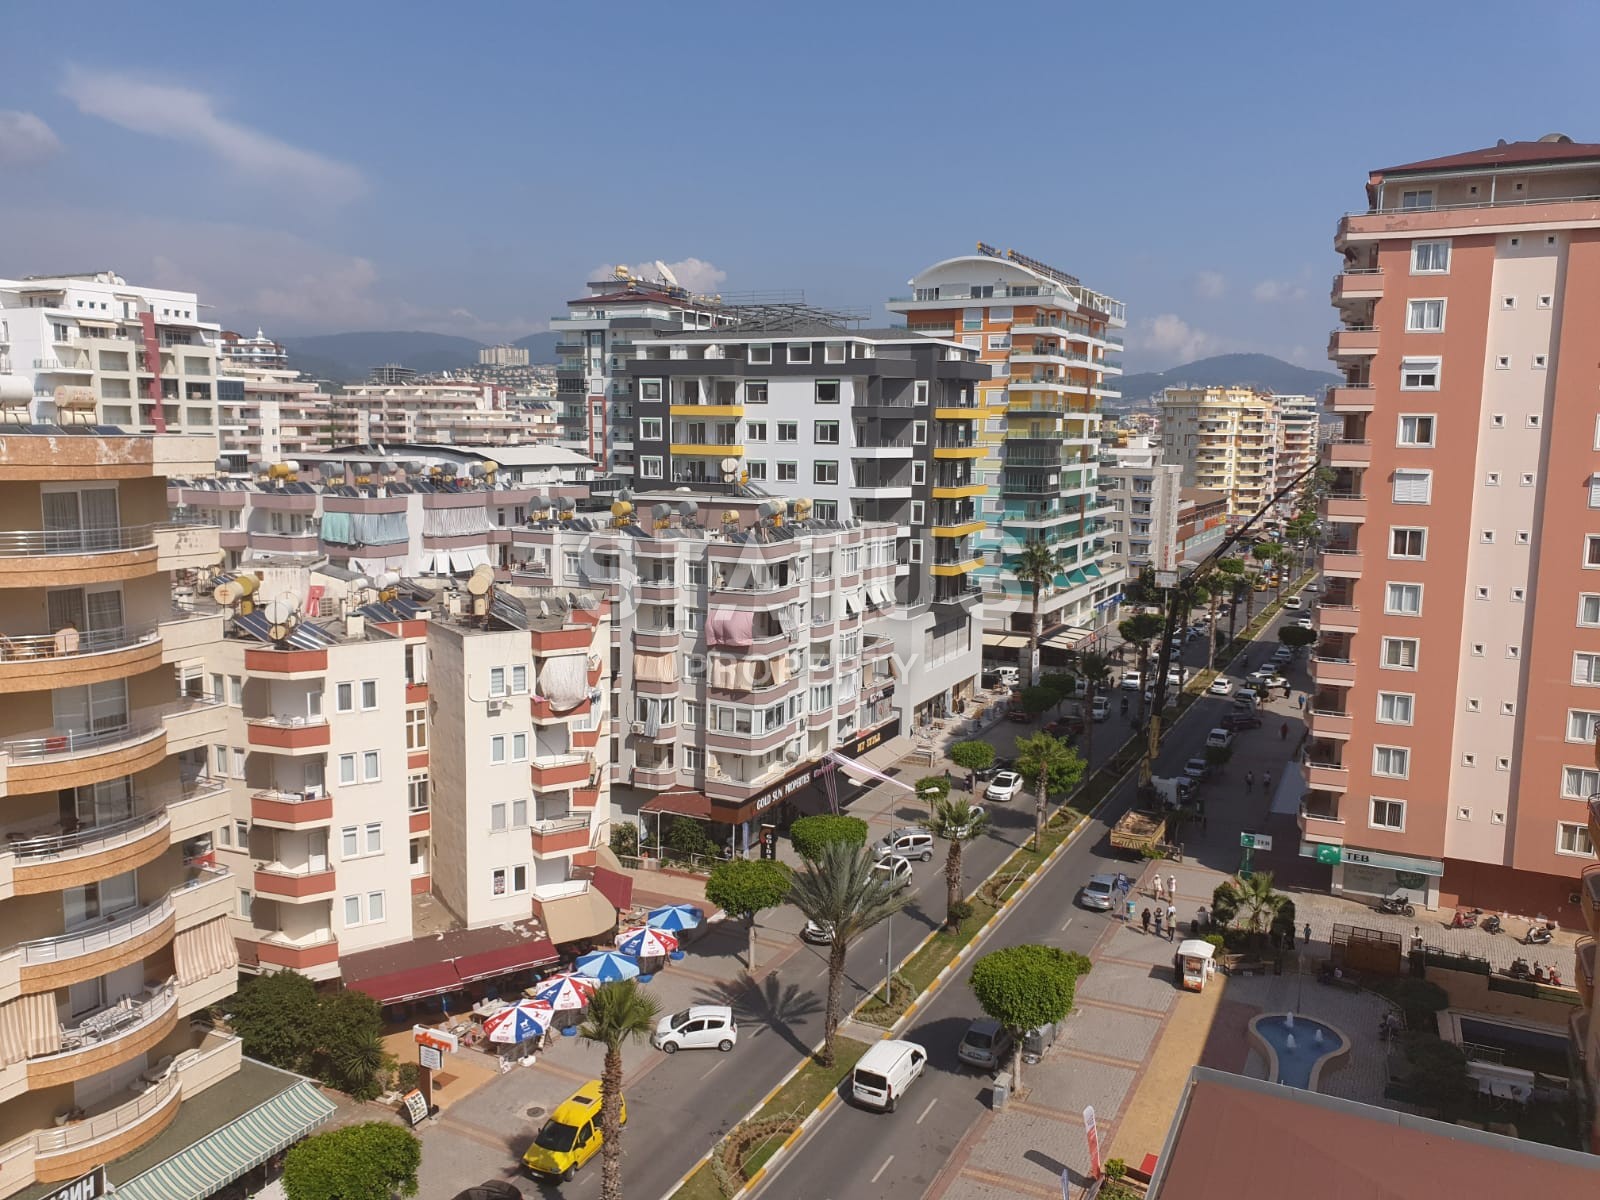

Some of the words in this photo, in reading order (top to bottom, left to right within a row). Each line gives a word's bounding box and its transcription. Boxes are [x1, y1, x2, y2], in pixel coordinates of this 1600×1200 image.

[756, 794, 772, 810] GOLD
[772, 788, 783, 802] SUN
[785, 772, 810, 795] PROPERTIES
[1346, 852, 1370, 863] TEB
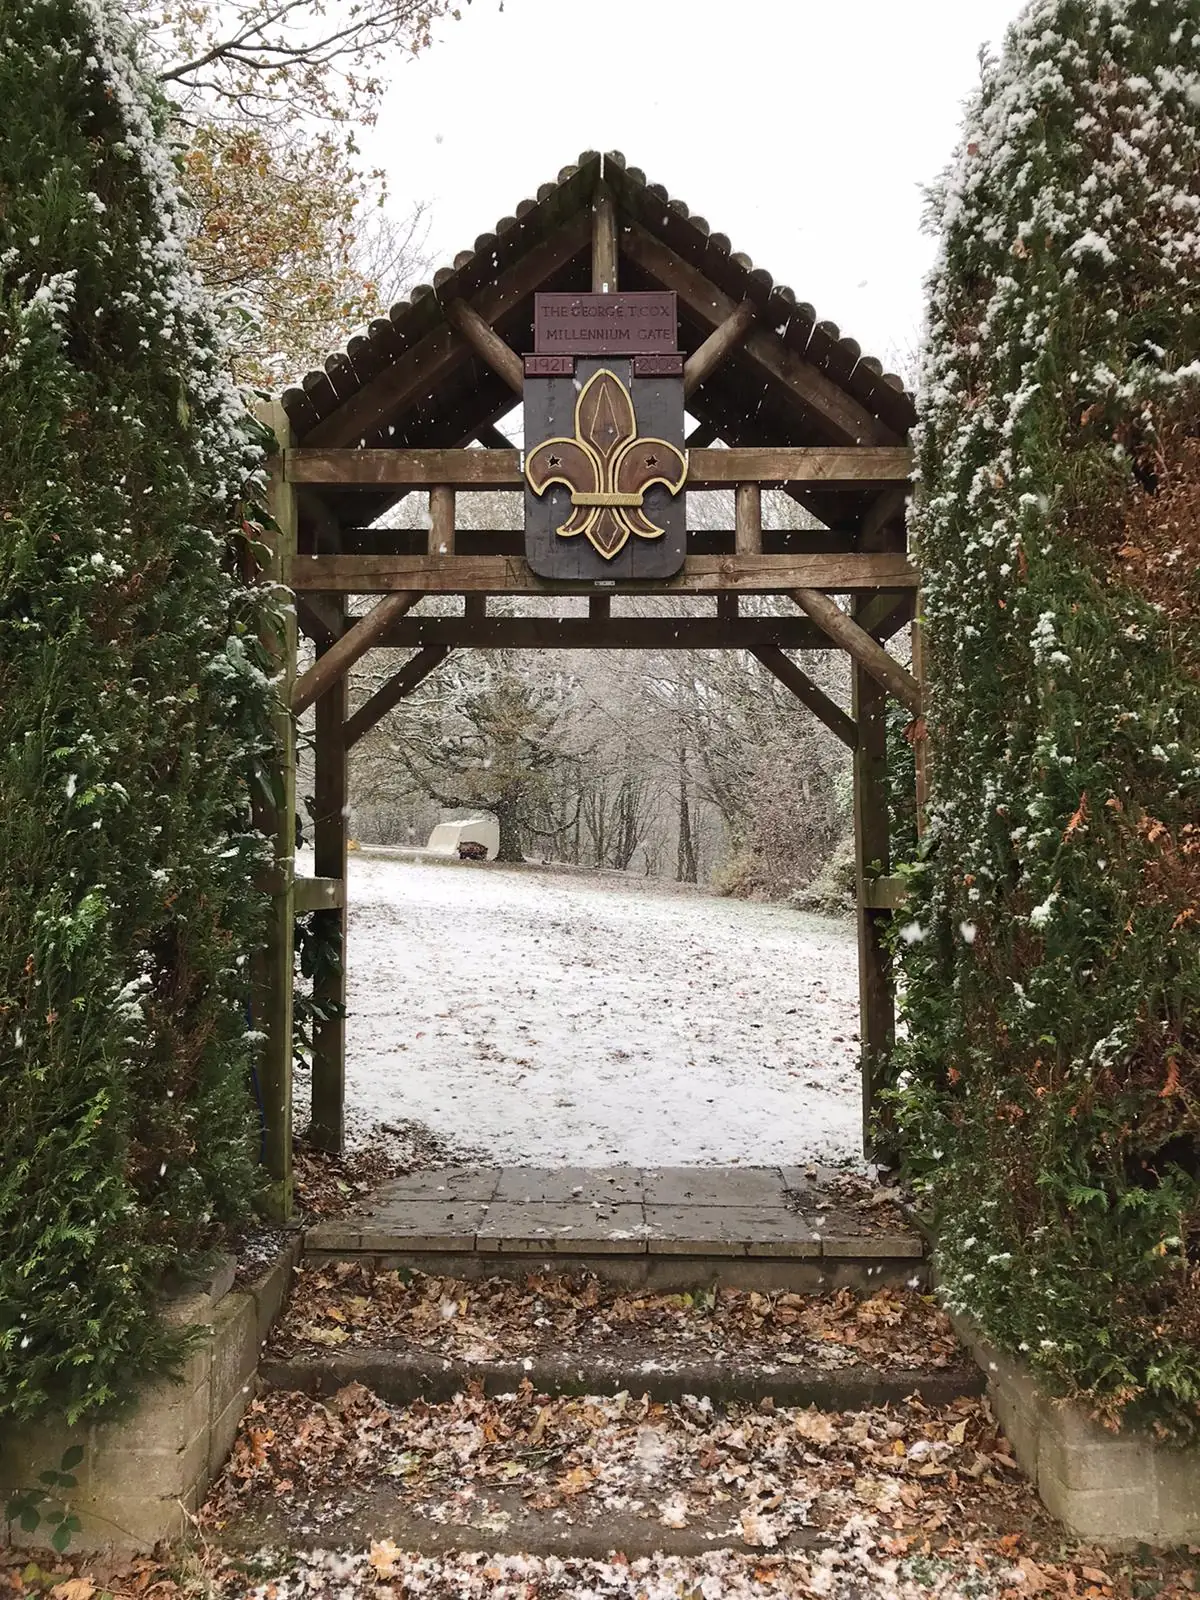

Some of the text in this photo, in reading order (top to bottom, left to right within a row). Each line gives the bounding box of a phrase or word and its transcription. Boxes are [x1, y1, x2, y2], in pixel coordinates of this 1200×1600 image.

[541, 306, 568, 317] THE
[571, 305, 624, 317] GEORGE
[640, 305, 670, 317] COX
[546, 328, 671, 340] MILLENNIUM GATE
[532, 358, 566, 372] 1921
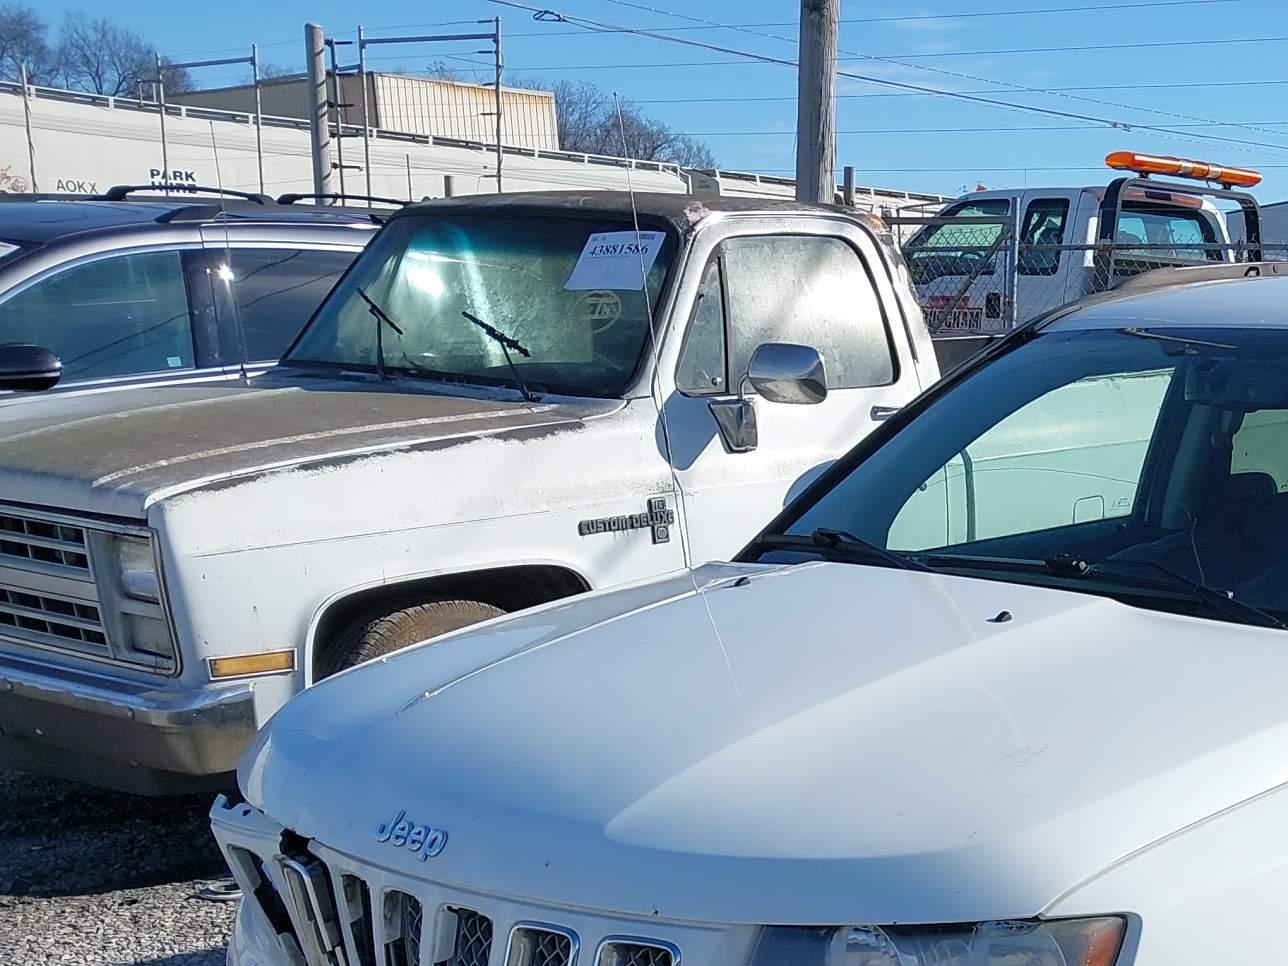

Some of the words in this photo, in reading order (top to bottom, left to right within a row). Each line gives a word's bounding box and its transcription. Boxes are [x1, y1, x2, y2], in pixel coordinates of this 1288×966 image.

[150, 169, 196, 181] PARK
[56, 179, 99, 194] AOKX
[589, 243, 648, 256] 43881586
[629, 510, 675, 530] DELUXE
[376, 809, 449, 863] Jeep
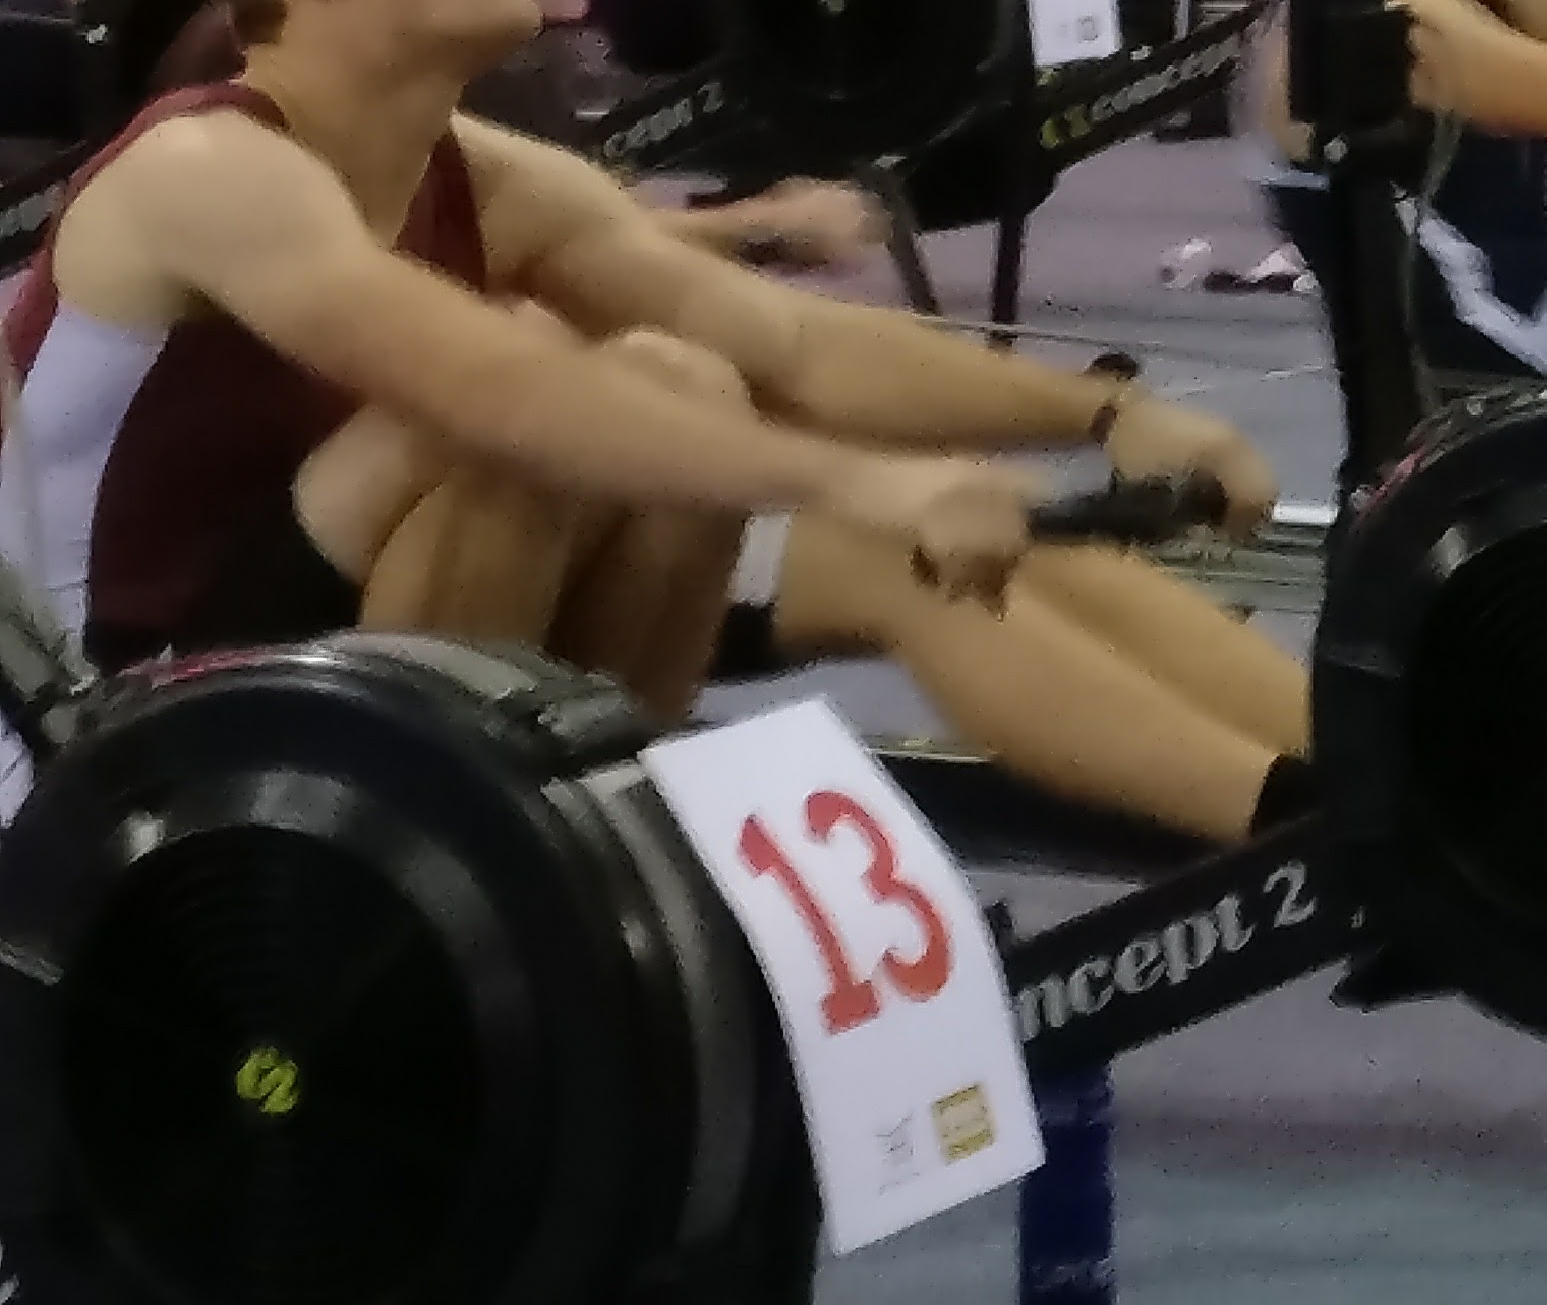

TASK DIRECTIONS:
Beginning with the line that contains "this 1288×966 image." and ending with the last line of the data, restate each line word for word. Exclude the pictures.

EXPECTED ANSWER:
Some of the words in this photo, in reading order (top to bottom, left to right within a row). Each line gives a word's bounding box and its transcription. Boxes are [x1, y1, x2, y2], in pixel coordinates of this 1288×966 image.

[150, 169, 196, 181] PARK
[56, 179, 99, 194] AOKX
[589, 243, 648, 256] 43881586
[629, 510, 675, 530] DELUXE
[376, 809, 449, 863] Jeep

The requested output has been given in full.